Claire Rich, Meredith Phipps and Grace Miller, all of Warsaw Community High School, presented their Project Proud project “Buddy Benches.” The benches are installed in school playgrounds for kids to sit on when they need a buddy to play with. Currently one is installed at Madison Elementary with planes to install benches at Washington and Eisenhower Elementary schools over the summer.
“Loneliness in children at such a developmental stage in their life can really affect interactions with their peers and their self-esteem…we thought this would be a good way to encourage empathy…when they’re sitting on this bench with their peer what they’re basically doing is practicing acceptance.”
When the team met with kindergarteners at Madison, the kids were very receptive to the idea of bench. When the class was asked to raise their hands if they had ever not had a friend to play with at one point or another, nearly every child raised their hand. Since that meeting, teachers have reported that the kids are indeed using the bench.
The second group to present their Project Proud made tie-blankets for local pediatric hospitals to be given to youth who are admitted to give them hope and comfort. The group used the mission statement: “Letting the work of our hands show the love of our hearts.”
McKenzie Murphy, Susan Nickerson and Olivia Trippiedi of Tippecanoe Valley High School were the three KYLA students who headed this project. With all three wanting to be involved in pediatric health, they felt a special connection to their goal. Overall they delivered blankets to Woodlawn Hospital in Rochester, Kosciusko Community Hospital, Warsaw, and Riley’s Children Hospital in Indianapolis.

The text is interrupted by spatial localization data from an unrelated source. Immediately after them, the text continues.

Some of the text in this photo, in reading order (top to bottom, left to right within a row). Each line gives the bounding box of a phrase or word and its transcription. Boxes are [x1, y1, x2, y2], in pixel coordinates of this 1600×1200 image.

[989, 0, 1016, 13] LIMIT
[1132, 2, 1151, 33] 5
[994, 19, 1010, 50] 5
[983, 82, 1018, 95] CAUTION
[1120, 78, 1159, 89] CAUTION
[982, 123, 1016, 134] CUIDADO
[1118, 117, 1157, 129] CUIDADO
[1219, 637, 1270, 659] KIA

With the blankets, the group also donated crayons, coloring books and UNO cards, as well as several stuffed animals.
In all, 130 blankets were made and donated to the three hospitals.
Keynote speaker Warsaw Community High School senior Mason Metzger finished out the presentations for the evening. “He exemplifies what it means to lead with purpose while making a positive impact on the world around him,” said KYLA President Emily Cowan.

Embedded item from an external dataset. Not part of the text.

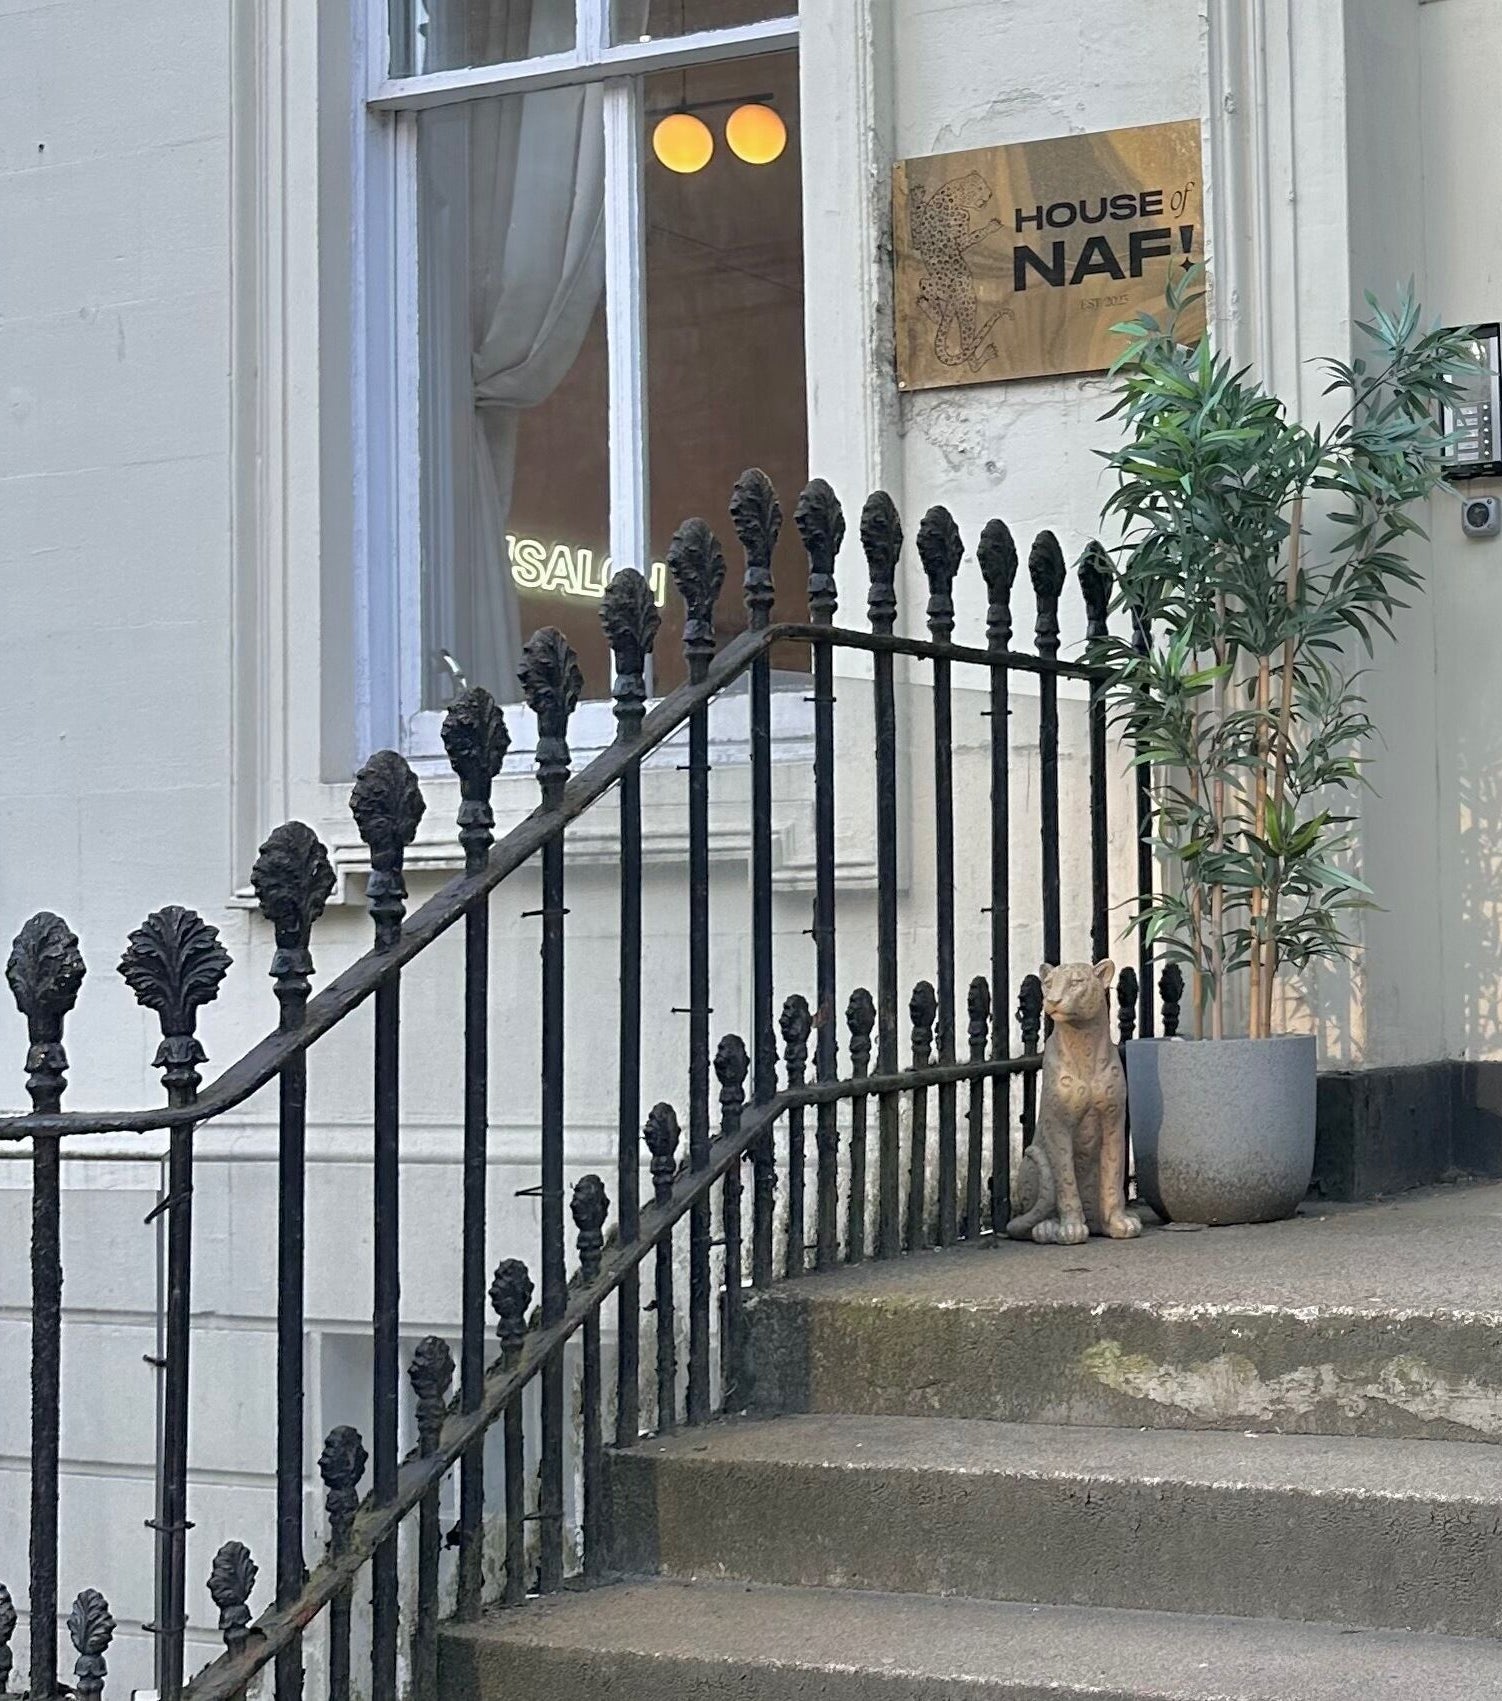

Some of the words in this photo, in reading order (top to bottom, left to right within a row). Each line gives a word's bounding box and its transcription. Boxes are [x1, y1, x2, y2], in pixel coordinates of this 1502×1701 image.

Metzger doesn’t consider his disability a disability but rather a “specialized challenge.” His mission is to inspire others and be a shining light to the world, sharing his story with others. “My disability doesn’t define me, what does is being a child of God,” comments Metzger.
Metzger was diagnosed with spastic cerebral palsy as an infant and has undergone physical therapy since three months of age. In the fourth grade, after overcoming a difficult year, Metzger decided he wanted to do public speaking, eventually realizing he wanted to use his voice to inspire others. In fall of 2016, it was announced that Metzger would be a 2017 Riley Champion, which lead to him sharing his story at the Indiana House of Representatives.
“We all have challenges, everyone’s challenge is just different,” says Metzger. “We are all unique…uniqueness isn’t a bad thing.”